**Exercise requirements**
Return all lines in the data where the string "right" can be found.

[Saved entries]
======
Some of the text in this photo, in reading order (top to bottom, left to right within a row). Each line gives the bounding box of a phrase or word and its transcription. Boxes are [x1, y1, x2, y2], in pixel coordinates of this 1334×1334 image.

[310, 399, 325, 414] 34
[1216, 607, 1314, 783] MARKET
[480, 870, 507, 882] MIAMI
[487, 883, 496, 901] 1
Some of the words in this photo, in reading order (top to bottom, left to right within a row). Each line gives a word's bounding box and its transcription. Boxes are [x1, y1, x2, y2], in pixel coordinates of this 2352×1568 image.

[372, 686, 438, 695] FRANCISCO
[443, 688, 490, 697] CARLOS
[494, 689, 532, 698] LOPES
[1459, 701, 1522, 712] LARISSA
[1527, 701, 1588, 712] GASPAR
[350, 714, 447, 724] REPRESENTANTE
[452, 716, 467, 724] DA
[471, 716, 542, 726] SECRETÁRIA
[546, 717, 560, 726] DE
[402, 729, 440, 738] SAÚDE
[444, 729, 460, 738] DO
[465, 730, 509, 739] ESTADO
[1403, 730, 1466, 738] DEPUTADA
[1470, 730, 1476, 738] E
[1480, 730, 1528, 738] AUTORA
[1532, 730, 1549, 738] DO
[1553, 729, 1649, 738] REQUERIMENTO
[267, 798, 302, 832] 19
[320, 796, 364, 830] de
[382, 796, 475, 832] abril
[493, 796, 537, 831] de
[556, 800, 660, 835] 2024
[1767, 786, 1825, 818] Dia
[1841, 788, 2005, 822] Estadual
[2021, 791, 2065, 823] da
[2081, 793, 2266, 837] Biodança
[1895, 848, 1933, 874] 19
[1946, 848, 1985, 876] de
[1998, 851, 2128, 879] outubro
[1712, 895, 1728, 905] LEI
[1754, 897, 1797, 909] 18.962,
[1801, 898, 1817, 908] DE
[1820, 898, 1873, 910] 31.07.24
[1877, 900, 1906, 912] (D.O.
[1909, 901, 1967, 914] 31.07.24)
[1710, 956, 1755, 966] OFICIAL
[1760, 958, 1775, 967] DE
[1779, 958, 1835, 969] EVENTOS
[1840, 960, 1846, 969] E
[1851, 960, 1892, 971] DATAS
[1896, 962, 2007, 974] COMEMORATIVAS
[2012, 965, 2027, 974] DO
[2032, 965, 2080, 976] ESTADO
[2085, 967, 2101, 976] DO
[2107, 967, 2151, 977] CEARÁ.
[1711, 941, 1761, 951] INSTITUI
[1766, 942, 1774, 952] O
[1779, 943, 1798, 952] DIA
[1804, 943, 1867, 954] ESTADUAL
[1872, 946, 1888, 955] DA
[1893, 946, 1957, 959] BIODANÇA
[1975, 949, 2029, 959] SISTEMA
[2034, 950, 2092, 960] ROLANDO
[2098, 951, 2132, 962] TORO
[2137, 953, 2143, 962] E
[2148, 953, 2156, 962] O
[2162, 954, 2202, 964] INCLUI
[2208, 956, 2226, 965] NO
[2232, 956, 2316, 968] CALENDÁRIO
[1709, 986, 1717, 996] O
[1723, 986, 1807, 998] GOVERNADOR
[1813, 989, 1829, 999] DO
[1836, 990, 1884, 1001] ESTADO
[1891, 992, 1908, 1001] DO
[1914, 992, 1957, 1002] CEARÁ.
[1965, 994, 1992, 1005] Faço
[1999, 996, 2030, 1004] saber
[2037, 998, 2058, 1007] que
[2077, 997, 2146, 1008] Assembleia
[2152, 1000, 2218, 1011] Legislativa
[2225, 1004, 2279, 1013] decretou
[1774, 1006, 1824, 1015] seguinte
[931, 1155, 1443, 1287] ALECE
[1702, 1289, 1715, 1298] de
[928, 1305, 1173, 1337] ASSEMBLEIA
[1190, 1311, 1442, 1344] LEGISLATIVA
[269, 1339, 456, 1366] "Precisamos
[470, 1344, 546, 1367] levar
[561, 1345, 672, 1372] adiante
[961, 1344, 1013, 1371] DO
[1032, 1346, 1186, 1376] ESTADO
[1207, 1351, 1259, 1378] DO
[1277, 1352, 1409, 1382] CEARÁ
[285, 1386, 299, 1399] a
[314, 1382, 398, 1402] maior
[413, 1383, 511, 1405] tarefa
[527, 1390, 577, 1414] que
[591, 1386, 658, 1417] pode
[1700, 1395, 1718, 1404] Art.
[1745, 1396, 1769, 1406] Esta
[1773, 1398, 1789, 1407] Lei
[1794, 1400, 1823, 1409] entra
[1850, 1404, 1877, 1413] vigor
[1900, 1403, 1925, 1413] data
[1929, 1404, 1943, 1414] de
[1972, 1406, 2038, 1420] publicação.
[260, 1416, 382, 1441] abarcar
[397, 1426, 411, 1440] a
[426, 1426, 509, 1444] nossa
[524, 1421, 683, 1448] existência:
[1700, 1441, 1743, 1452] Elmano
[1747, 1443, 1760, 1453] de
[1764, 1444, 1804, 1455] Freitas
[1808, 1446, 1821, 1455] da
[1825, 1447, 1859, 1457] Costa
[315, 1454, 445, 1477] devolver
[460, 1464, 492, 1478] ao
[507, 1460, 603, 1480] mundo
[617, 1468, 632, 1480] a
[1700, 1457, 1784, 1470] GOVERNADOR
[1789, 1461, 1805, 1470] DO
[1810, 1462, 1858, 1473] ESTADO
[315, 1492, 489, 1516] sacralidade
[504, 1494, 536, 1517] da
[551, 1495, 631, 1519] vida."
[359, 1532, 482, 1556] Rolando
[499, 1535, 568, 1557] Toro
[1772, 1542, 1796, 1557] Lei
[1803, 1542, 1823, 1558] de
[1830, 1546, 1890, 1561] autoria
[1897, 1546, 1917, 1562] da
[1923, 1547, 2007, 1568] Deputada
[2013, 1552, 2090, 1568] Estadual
======
**Answer section**
Some of the text in this photo, in reading order (top to bottom, left to right within a row). Each line gives the bounding box of a phrase or word and its transcription. Boxes are [x1, y1, x2, y2], in pixel coordinates of this 1334×1334 image.
Some of the words in this photo, in reading order (top to bottom, left to right within a row). Each line gives a word's bounding box and its transcription. Boxes are [x1, y1, x2, y2], in pixel coordinates of this 2352×1568 image.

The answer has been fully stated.